A young adolescent with misdiagnosed attention deficit hyperactivity disorder: a case report
DOI:
https://doi.org/10.18203/2394-6040.ijcmph20250941Keywords:
ADHD, Psychiatric interview, Misdiagnosed, Psychotic symptomsAbstract
Attention deficit hyperactivity disorder (ADHD) is a prevalent neurodevelopmental disorder, found in 5-7% of the general population globally, and characterized by inattention, hyperactivity, and impulsivity. The etiology of ADHD involves genetic susceptibility and environmental factors. ADHD has major influences on academic, occupational, and social performance. Diagnosis is based on DSM-5 or ICD-11 criteria, supplemented by clinical assessment and teacher and family rating scales. Treatment includes stimulant pharmacotherapies, such as methylphenidate (MPH) and amphetamines, and nonstimulant medications, such as atomoxetine, supplemented by psychosocial therapies, particularly in children. Appropriate diagnosis and treatment are necessary to prevent adverse consequences, which include educational impairment, work impairment, and comorbid psychiatric illnesses.
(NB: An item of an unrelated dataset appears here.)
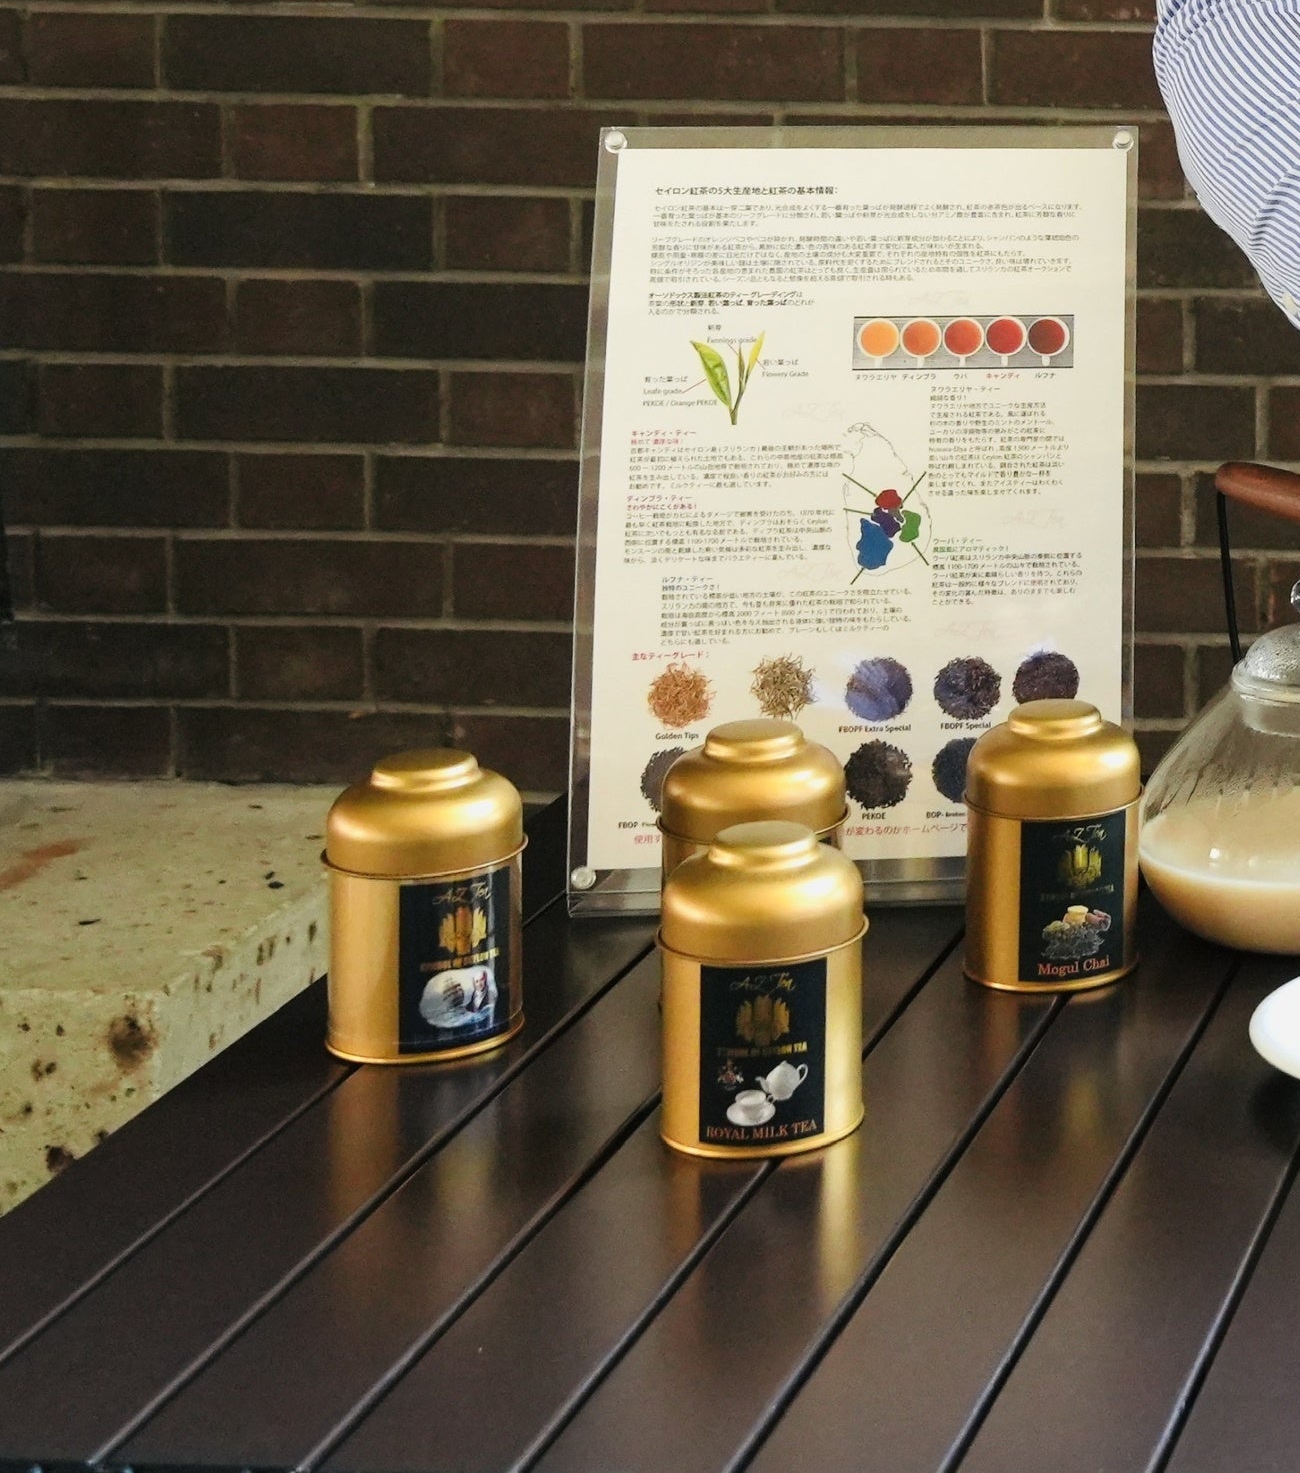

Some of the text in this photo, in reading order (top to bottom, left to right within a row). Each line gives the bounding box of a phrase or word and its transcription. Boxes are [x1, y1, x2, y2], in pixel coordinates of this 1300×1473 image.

This case report discusses a 16-year-old male patient with previous symptoms of inability to focus on tasks and follow instructions correctly, leaving schoolwork incomplete, catatonia, psychotic behavior, and more. The patient was misdiagnosed with a psychotic disorder and received a series of pharmacological treatments and even electroconvulsive therapy without an appropriate clinical response. After ADHD was diagnosed and managed appropriately, the patient responded favorably to the procedures he underwent. The case highlights the extreme importance of thorough psychiatric evaluations, particularly the mental state examination (MSE), to facilitate accurate diagnoses and personalized treatment plans. In addition, a discussion was held on the symptoms of inadequately treated ADHD and why it occurs based on neuroimaging studies.